The problem? When you only give your player limited
abilities, what you’re literally doing is limiting their playstyle, and forcing
them to play the game in the way you want them to play it. You’re reducing
player choice, and shunting them down a small number of paths. Players
naturally rebel against this impulse. Big arrow point to the right? They want
to go left. Character supposed to die? They’ll try to sequence-break. Or, if
you give them no options, they’ll a) begrudgingly follow along or b) turn off
the game because I’m not a part of your system, man.

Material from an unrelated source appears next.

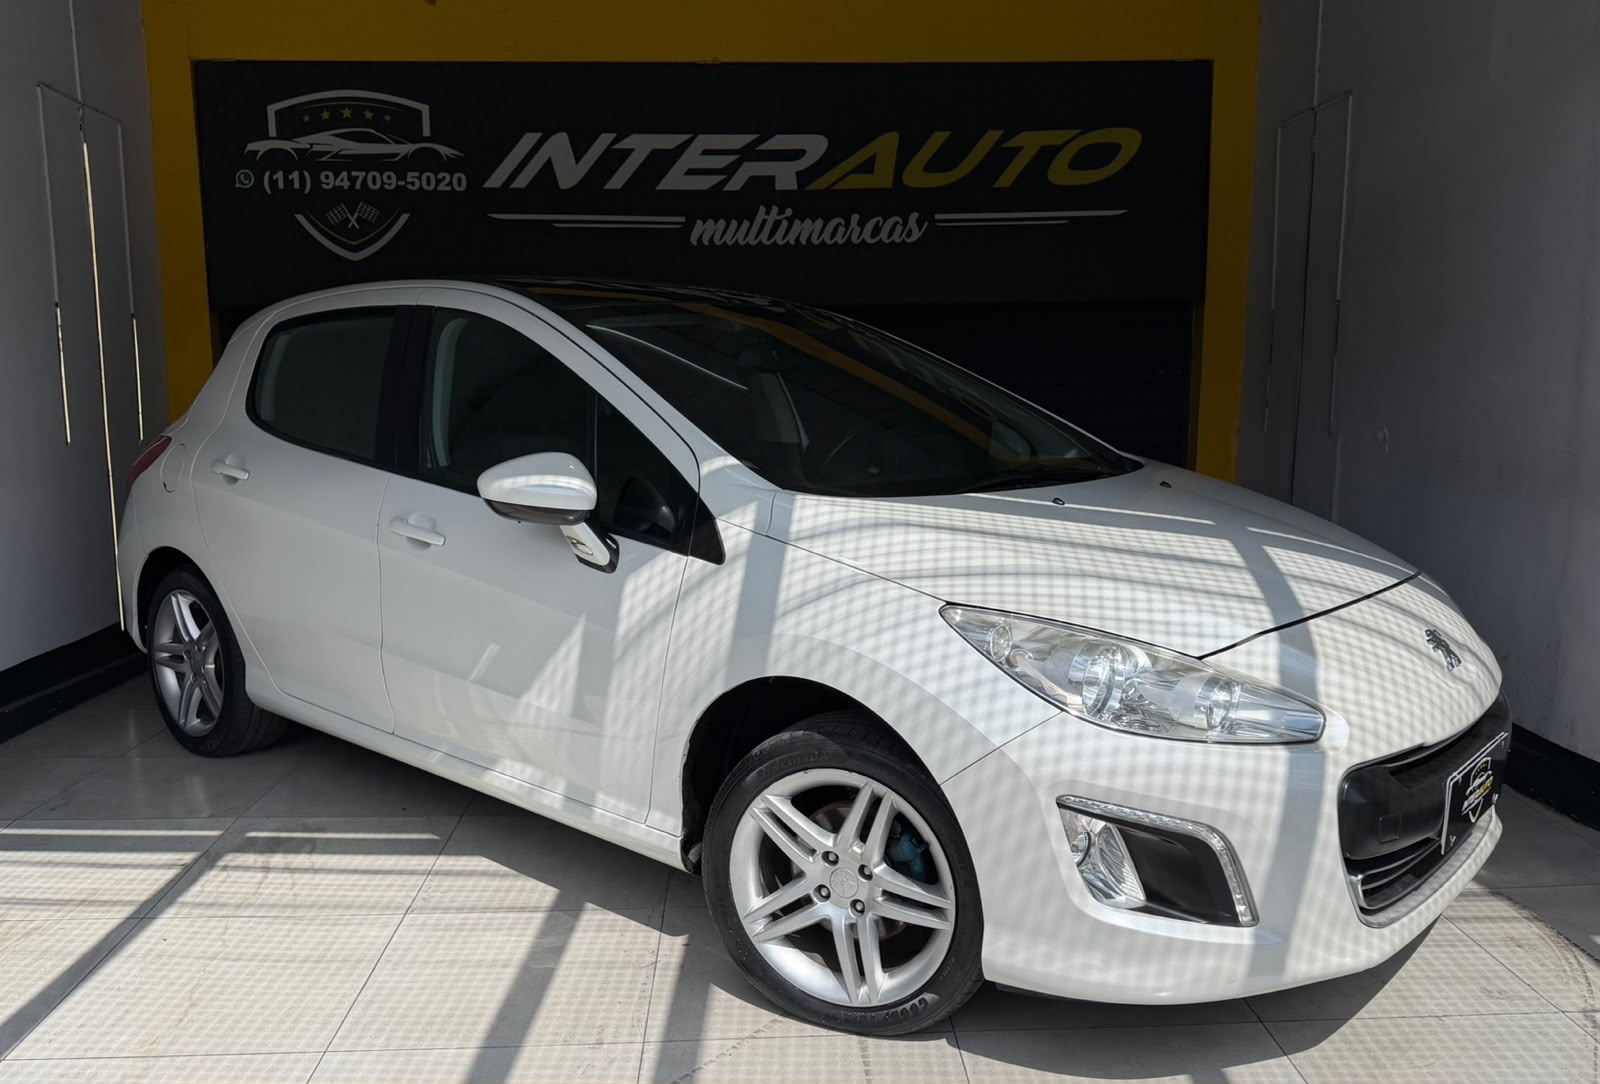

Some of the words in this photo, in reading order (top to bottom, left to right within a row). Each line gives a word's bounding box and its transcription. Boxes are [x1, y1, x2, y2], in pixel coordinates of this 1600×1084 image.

[263, 170, 312, 195] (11)
[319, 171, 468, 192] 94709-5020
[690, 205, 928, 246] multimarcas

What I happily discovered about TW2 was that, even though
there was clearly a level-up and advancement system, all the basic assets of
that system were already in place. You already know all the spells that Geralt
will know right at the beginning, and they all already do what they’re supposed
to do; they simply get stronger and more effective over time, as would
naturally occur with regular use. This had a particularly interesting effect:
it meant that my skill as a player and Geralt’s skills as a character actually
advanced along similar arcs. From the start of the game I understood that I
could use one spell - which, for lack of
recollection, I will call the Force push – to stun an enemy and then one-shot
them. My combat style gravitated towards this system, using a spell to halt
enemies and then my sword to quickly dispatch them. As I went through the game,
my Force push got stronger, to the point that I could stun four or five enemies
at once and one-shot all of them before they recovered (which was awesome).

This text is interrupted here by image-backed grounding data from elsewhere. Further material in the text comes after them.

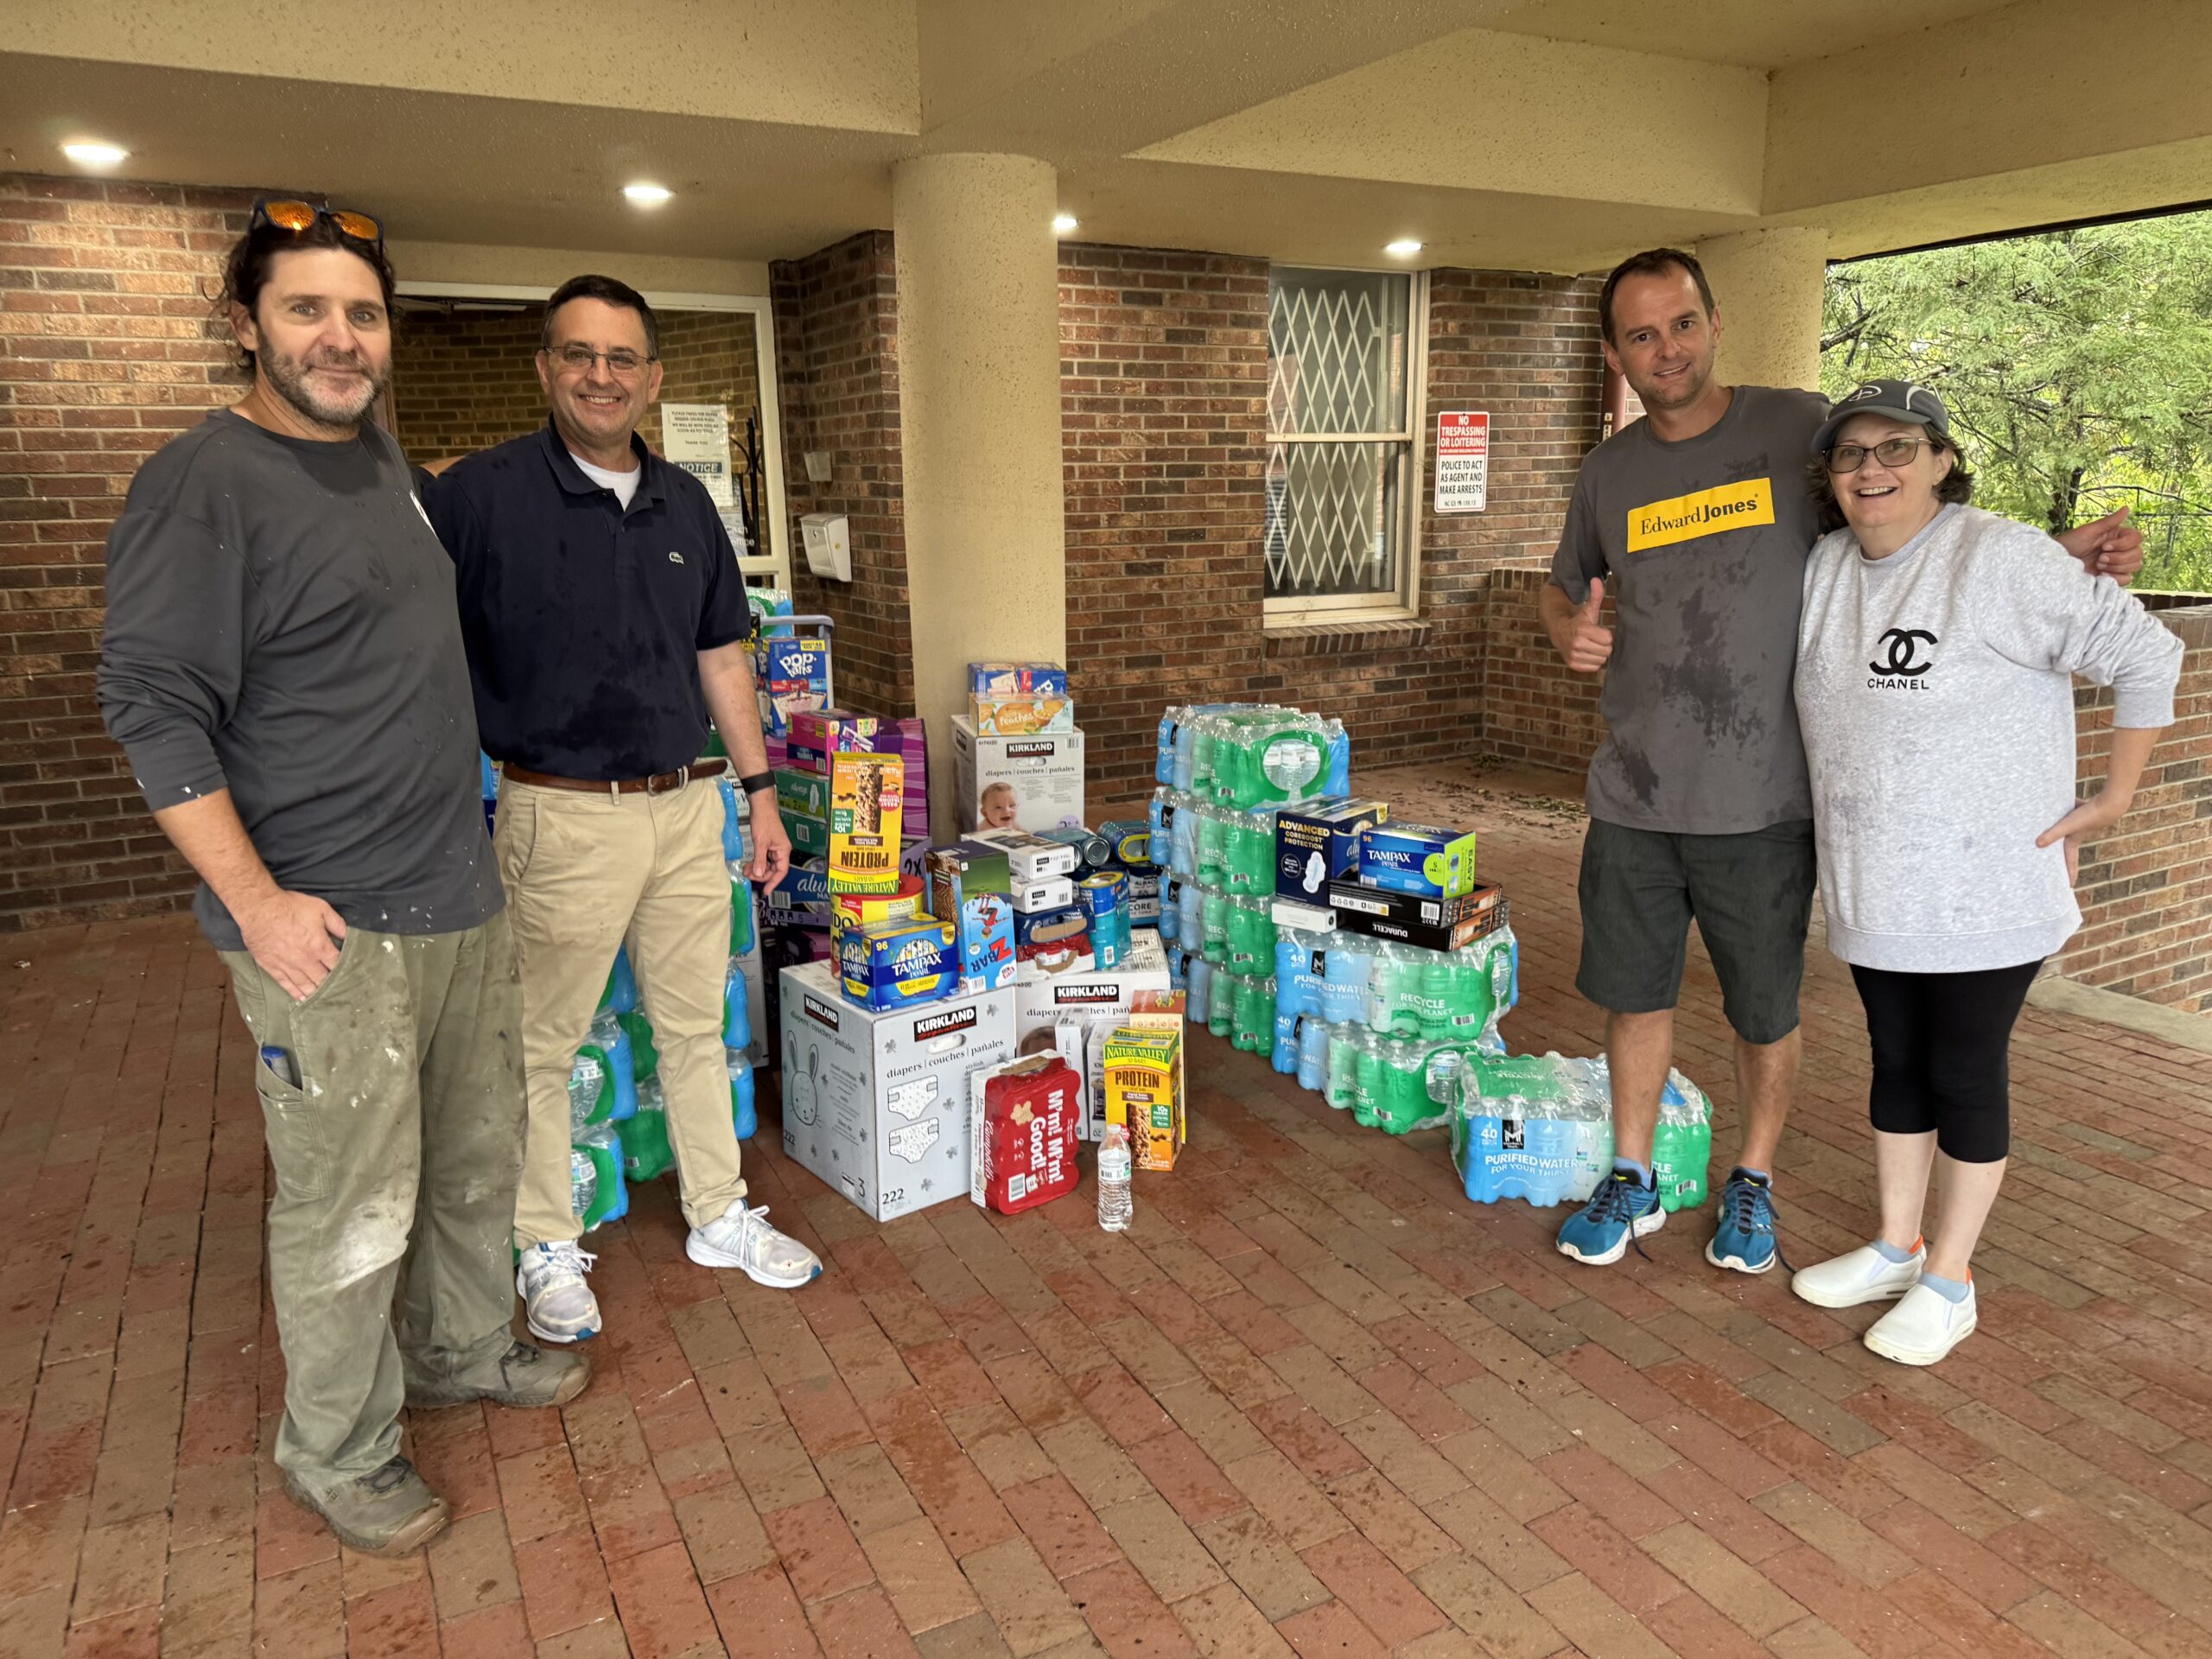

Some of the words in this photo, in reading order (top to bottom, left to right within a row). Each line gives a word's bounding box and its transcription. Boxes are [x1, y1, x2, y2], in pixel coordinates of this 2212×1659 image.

[1459, 416, 1469, 426] NO
[1441, 426, 1486, 437] TRESPASSING
[1440, 437, 1451, 448] OR
[1451, 437, 1486, 448] LOITERING
[678, 462, 718, 473] NOTICE
[1441, 461, 1462, 470] POLICE
[1462, 461, 1471, 470] TO
[1471, 461, 1483, 469] ACT
[1440, 473, 1448, 482] AS
[1449, 473, 1469, 482] AGENT
[1469, 473, 1483, 481] AND
[1440, 485, 1456, 494] MAKE
[1457, 485, 1483, 494] ARRESTS
[1640, 506, 1701, 536] Edward
[1703, 499, 1758, 523] Jones
[1867, 678, 1929, 690] CHANEL
[1008, 742, 1053, 753] KIRKLAND
[985, 769, 1013, 778] diapers
[1016, 767, 1045, 776] couches
[1049, 765, 1076, 775] pañales
[1279, 820, 1331, 836] ADVANCED
[1284, 837, 1324, 850] PROTECTION
[1285, 830, 1323, 843] COREBOOST
[842, 851, 889, 868] PROTEIN
[1367, 849, 1411, 863] TAMPAX
[797, 874, 830, 893] alw
[832, 879, 865, 893] VALLEY
[864, 880, 896, 893] NATURE
[1372, 923, 1408, 938] DURACELL
[875, 941, 888, 951] 96
[892, 952, 943, 976] TAMPAX
[1291, 954, 1306, 963] 40
[842, 961, 870, 976] TAMPAX
[1294, 975, 1335, 992] PURIFIED
[1058, 986, 1118, 998] KIRKLAND
[1401, 993, 1446, 1009] RECYCLE
[805, 996, 838, 1024] KIRKLAND
[1027, 1007, 1061, 1018] diapers
[791, 1009, 809, 1027] diapers
[810, 1022, 832, 1041] couches
[917, 1008, 975, 1034] KIRKLAND
[887, 1063, 922, 1079] diapers
[928, 1051, 965, 1068] couches
[970, 1039, 1004, 1058] pañales
[1106, 1046, 1138, 1058] NATURE
[1137, 1047, 1167, 1064] VALLEY
[1115, 1071, 1160, 1090] PROTEIN
[784, 1128, 795, 1147] 222
[1481, 1128, 1497, 1139] 40
[1030, 1116, 1047, 1171] Good!
[1485, 1153, 1538, 1166] PURIFIED
[1539, 1158, 1579, 1169] WATER
[1491, 1165, 1508, 1174] FOR
[1510, 1163, 1536, 1175] YOUR
[858, 1177, 866, 1198] 3
[881, 1188, 905, 1205] 222

That’s only a smallish example. The availability of playstyle options from the
beginning also means that I’d have had no problem changing gameplay paradigms
if that system stopped working. Again, it might not be something we think about
too much, until it becomes evident from a game that does it right, but frankly,
it’s much better to have a playstyle that develops in reaction to the world,
and to the player’s abilities, than one that develops in reaction to arbitrary
new information and new abilities. Or maybe it’s not, but damn it, it certainly
seems like it is to me. Again, we can appreciate the value of unlocking
something new, and how it positively affects the player, without building a
kind of deus ex machina ability system that drops new stuff for us on a
semi-regular basis.
In fact, one of the best examples of balance here, in my mind, is the discovery of shouts in The Elder Scrolls V: Skyrim. Some people went through whole chunks of the game using only regular combat skills, stealth and magic to get through their missions, deliberately putting off the main quest. Then they discovered that holy crap Dragonborn I can shoot fire from my mouth, and all of a sudden the balance of the game changes pretty meaningfully (no-mana-cost spells, just a recharge time), as does the player’s combat style in relation to that change. It’s intense, it’s awesome, it’s tied into the story quite intimately – and it happens once. Not a million tiny times, without any storyline justification (you found a magic ring that you can use in combat! Now I’ll teach you how to wear rings because you apparently understand how to weave the fabric of the universe, but not fingers). Once. That’s it; one big change to the game mechanics, everything else you have to get up front. At the very least, we can appreciate that any further big changes need to be…er, small, for one thing, and for another, storyline-derived. More or less any Final Fantasy game gets the picture. Because party-based RPGs introduce new abilities by introducing characters, you always have a certain leeway in giving people more stuff. The problem arises when your cast of characters is waaaay too big, for both story and gameplay purposes, and it just feels like being nitpicked by meaningless people with useless abilities. In a way, this provides a good size test for a project. Could you introduce most, if not all, of your characters and abilities quite near the beginning, and still reasonably expect the player to succeed with them? If not, maybe cut some shit down.